Recent advancements in Vietnamese language technology have emerged as educational authorities and leading tech firms collaborate to strengthen language skills among preschool-age ethnic minority children and develop high-quality AI solutions.
According to local educational authorities, significant strides have been made under the Ministry of Education and Training's initiatives aimed at enhancing Vietnamese language education for children from ethnic minority groups. This involves the implementation of various guidelines and the development of criteria to evaluate environments conducive to Vietnamese language learning. Numerous workshops have also been organized to promote language development strategies and to create educational settings centered around the child's learning experience.
Currently, there are 265 schools and 894 branch points serving nearly 84,469 preschool children, with about 50.3% of them being from ethnic minorities. The expansion of the boarding model at schools has been particularly beneficial for children from challenging localities, and materials, such as outdoor play equipment, have been significantly upgraded to meet educational demands.

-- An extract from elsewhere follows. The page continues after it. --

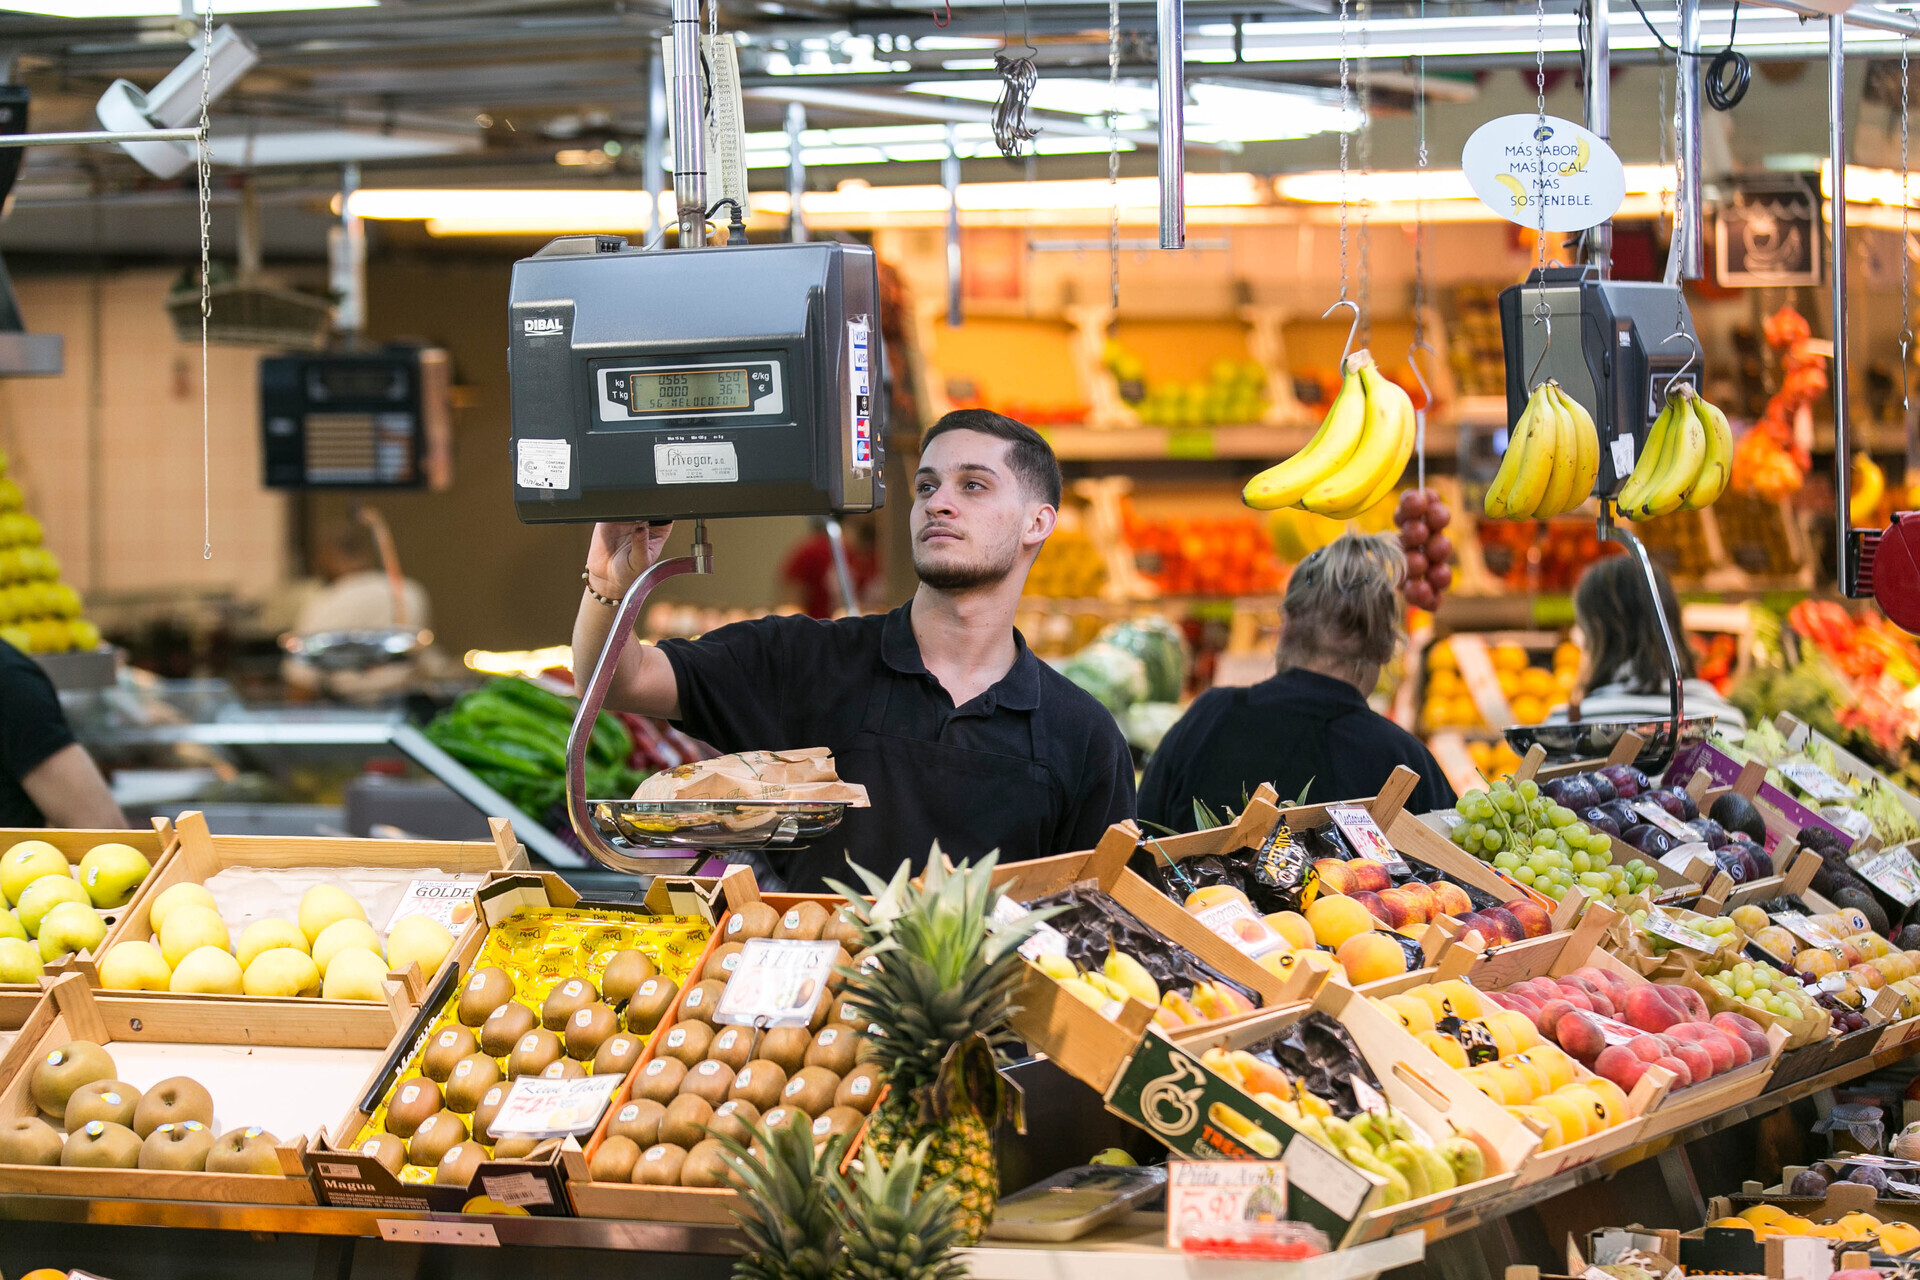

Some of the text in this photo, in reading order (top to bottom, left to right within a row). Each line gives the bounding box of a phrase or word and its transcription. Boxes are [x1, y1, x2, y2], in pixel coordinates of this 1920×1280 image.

Adding to this progress is the recent partnership between Viettel Solutions and Nvidia, materializing through the announcement of an extensive Vietnamese AI assistant training dataset. Reported by Dân trí, the dataset is described as high-quality and large-scale, paving the way for greater advancements within large language models (LLMs) for the Vietnamese language.
This collaborative effort marks the first such partnership between Viettel Solutions and Nvidia and involves direct data collection and processing from multiple sources, followed by normalization and classification. The NeMo Framework and Nvidia’s powerful GPU computational infrastructure played significant roles throughout this process.
Traditionally, AI models have been primarily trained on English language data, which poses challenges for creating Vietnamese applications. The hope is to change this with the newly developed dataset, allowing for more relevant AI experiences for Vietnamese users and extensive growth potential for the domestic AI community.
A representative of Viettel expressed optimism, stating, "By utilizing hardware resources and the NeMo library, we managed to process over 500GB of text data simultaneously, equivalent to around 120 million documents and 135 billion tokens." This statement reflects not only the scale of the dataset but also the commitment to ensuring cleanness and efficiency during the training process by eliminating duplicate and irrelevant information.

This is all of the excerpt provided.